_DATASET EXCERPTS:_
####
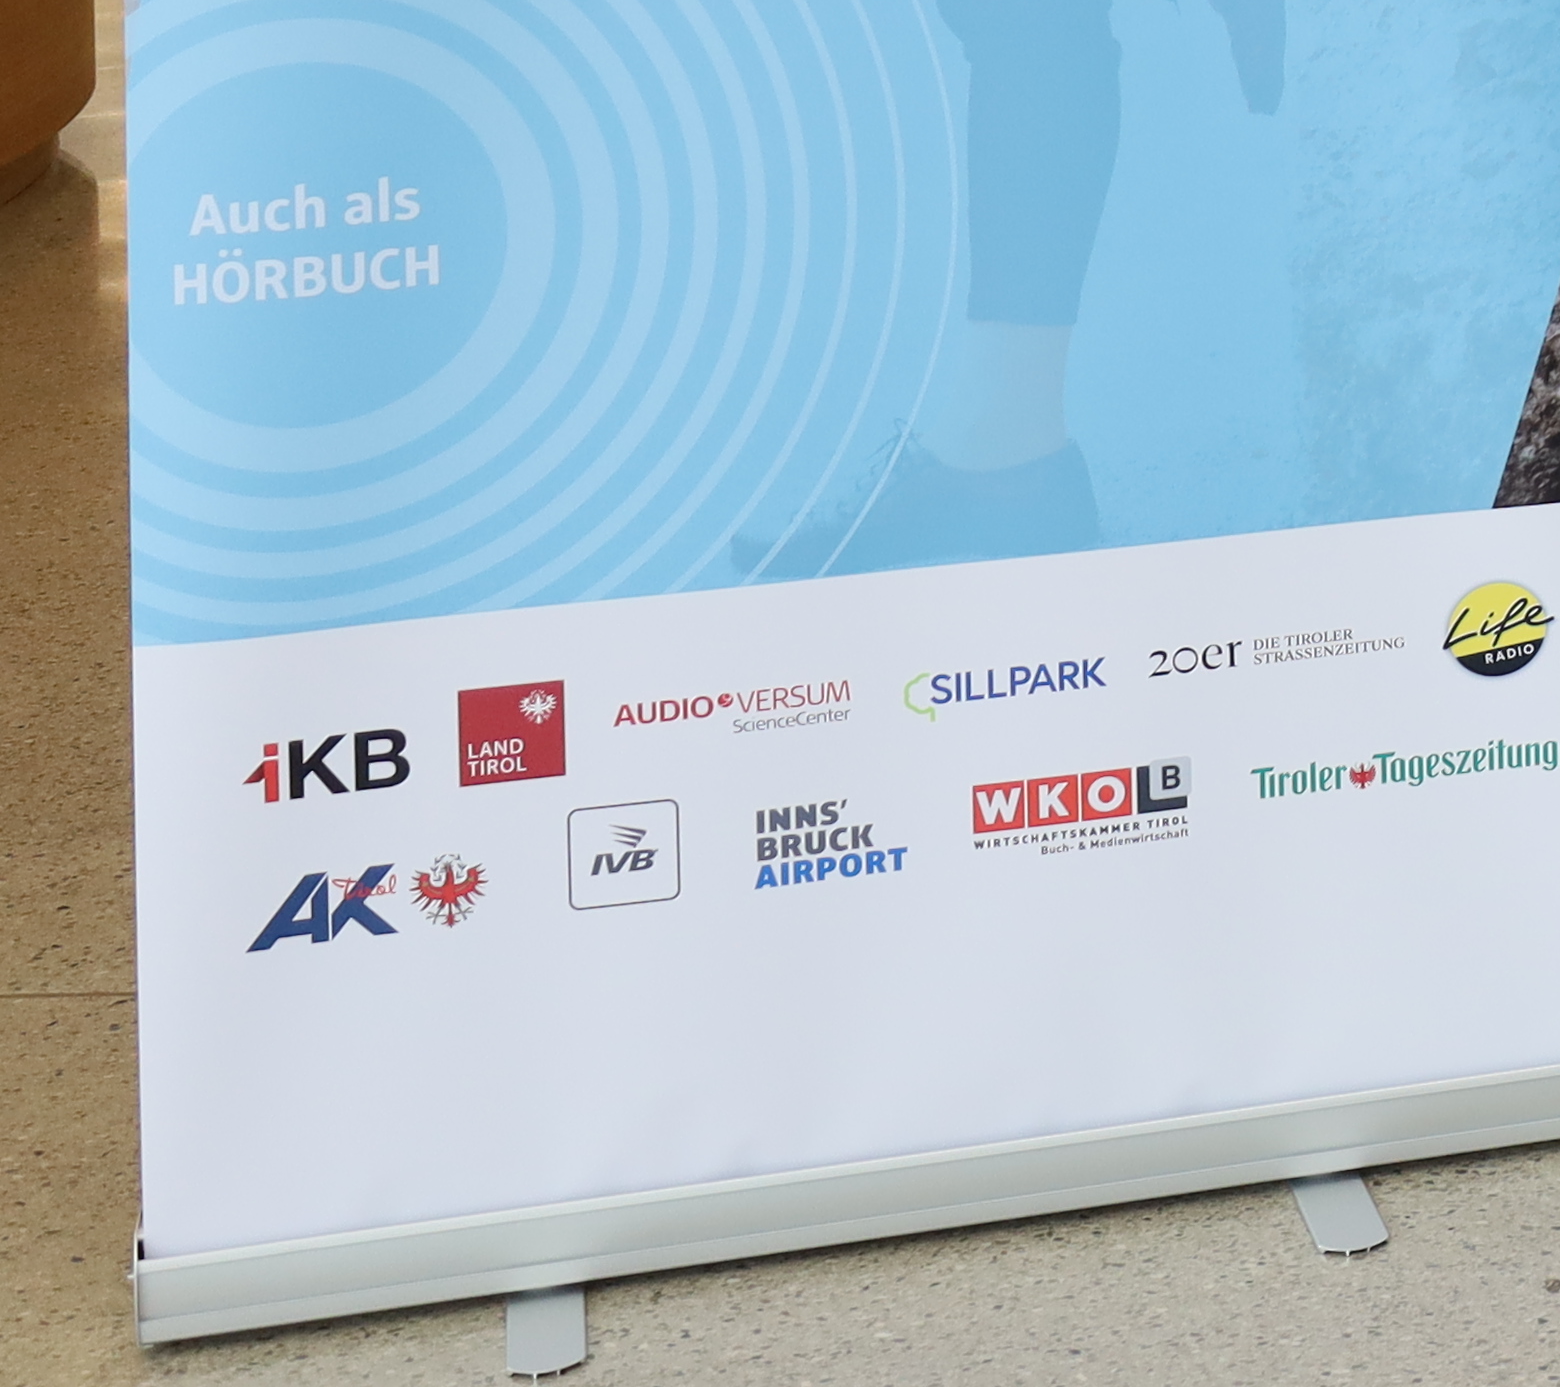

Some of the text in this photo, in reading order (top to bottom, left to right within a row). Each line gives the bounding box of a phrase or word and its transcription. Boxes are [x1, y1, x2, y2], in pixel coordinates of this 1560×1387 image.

[188, 177, 421, 237] Auch als
[171, 241, 441, 306] HÖRBUCH
[1253, 627, 1354, 651] DIE TIROLER
[1442, 597, 1555, 651] Life
[1147, 639, 1243, 679] 20er
[1252, 636, 1406, 666] STRASSENZEITUNG
[1484, 642, 1536, 665] RADIO
[930, 657, 1107, 706] SILLPARK
[466, 737, 525, 759] LAND
[466, 756, 528, 778] TIROL
[1250, 739, 1560, 800] Tiroler Tageszeitung
[756, 823, 874, 862] BRUCK
[973, 814, 1189, 851] WIRTSCHAFTSKAMMER TIROL
[1040, 841, 1076, 856] Buch-
[1089, 828, 1190, 852] Medienwirtschaft
[590, 847, 659, 877] IVB
[755, 846, 908, 890] AIRPORT
[246, 862, 400, 953] AK
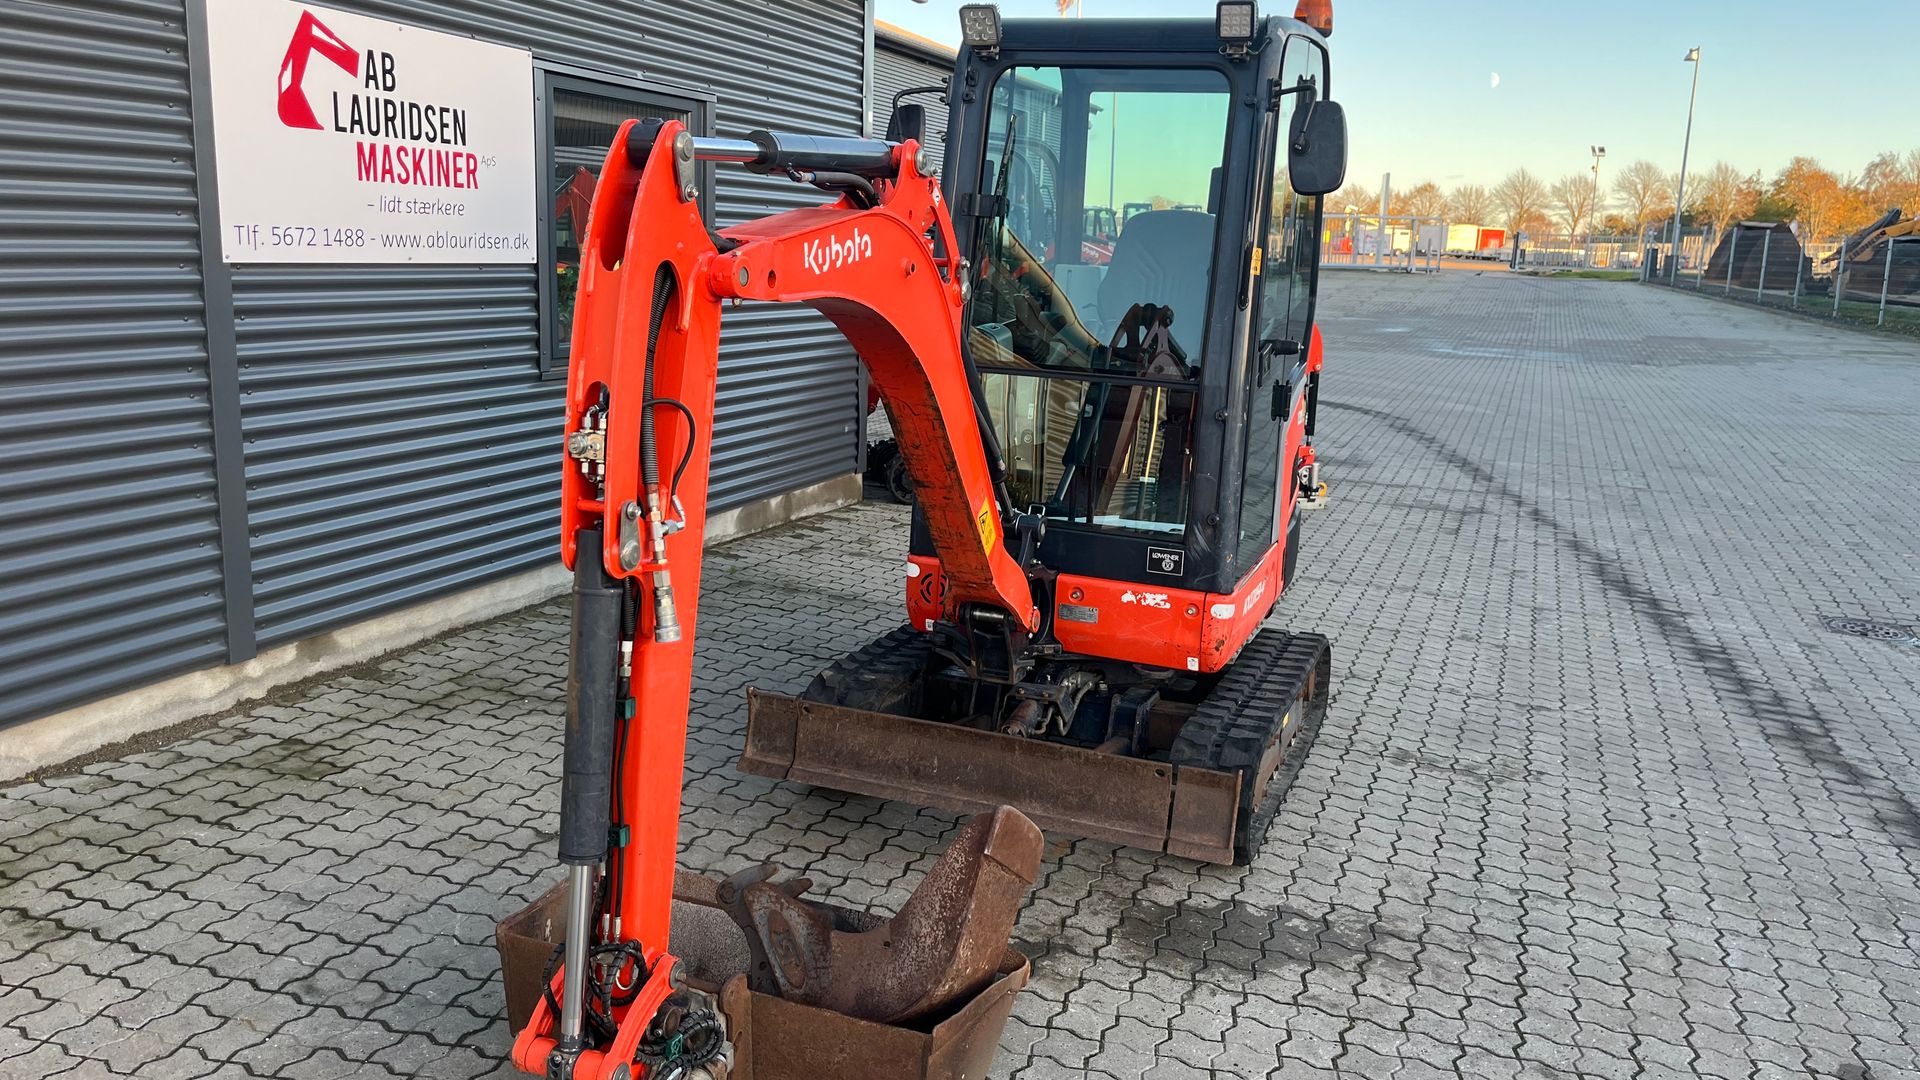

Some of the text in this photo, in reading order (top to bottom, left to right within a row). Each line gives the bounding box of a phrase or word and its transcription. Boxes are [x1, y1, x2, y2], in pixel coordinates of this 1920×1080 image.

[365, 50, 396, 91] AB
[333, 91, 467, 146] LAURIDSEN
[357, 141, 479, 189] MASKINER
[480, 154, 497, 168] ApS
[379, 195, 402, 214] lidt
[406, 200, 465, 216] stærkere
[233, 224, 266, 251] Tlf.
[272, 226, 317, 247] 5672
[323, 228, 366, 248] 1488
[380, 233, 530, 250] www.ablauridsen.dk
[804, 227, 872, 275] Kubota
####
_THE PROBLEM:_ Provide the listing above once more, exactly, with the pictures removed.

_REPLY:_
Some of the text in this photo, in reading order (top to bottom, left to right within a row). Each line gives the bounding box of a phrase or word and its transcription. Boxes are [x1, y1, x2, y2], in pixel coordinates of this 1560×1387 image.

[188, 177, 421, 237] Auch als
[171, 241, 441, 306] HÖRBUCH
[1253, 627, 1354, 651] DIE TIROLER
[1442, 597, 1555, 651] Life
[1147, 639, 1243, 679] 20er
[1252, 636, 1406, 666] STRASSENZEITUNG
[1484, 642, 1536, 665] RADIO
[930, 657, 1107, 706] SILLPARK
[466, 737, 525, 759] LAND
[466, 756, 528, 778] TIROL
[1250, 739, 1560, 800] Tiroler Tageszeitung
[756, 823, 874, 862] BRUCK
[973, 814, 1189, 851] WIRTSCHAFTSKAMMER TIROL
[1040, 841, 1076, 856] Buch-
[1089, 828, 1190, 852] Medienwirtschaft
[590, 847, 659, 877] IVB
[755, 846, 908, 890] AIRPORT
[246, 862, 400, 953] AK

Some of the text in this photo, in reading order (top to bottom, left to right within a row). Each line gives the bounding box of a phrase or word and its transcription. Boxes are [x1, y1, x2, y2], in pixel coordinates of this 1920×1080 image.

[365, 50, 396, 91] AB
[333, 91, 467, 146] LAURIDSEN
[357, 141, 479, 189] MASKINER
[480, 154, 497, 168] ApS
[379, 195, 402, 214] lidt
[406, 200, 465, 216] stærkere
[233, 224, 266, 251] Tlf.
[272, 226, 317, 247] 5672
[323, 228, 366, 248] 1488
[380, 233, 530, 250] www.ablauridsen.dk
[804, 227, 872, 275] Kubota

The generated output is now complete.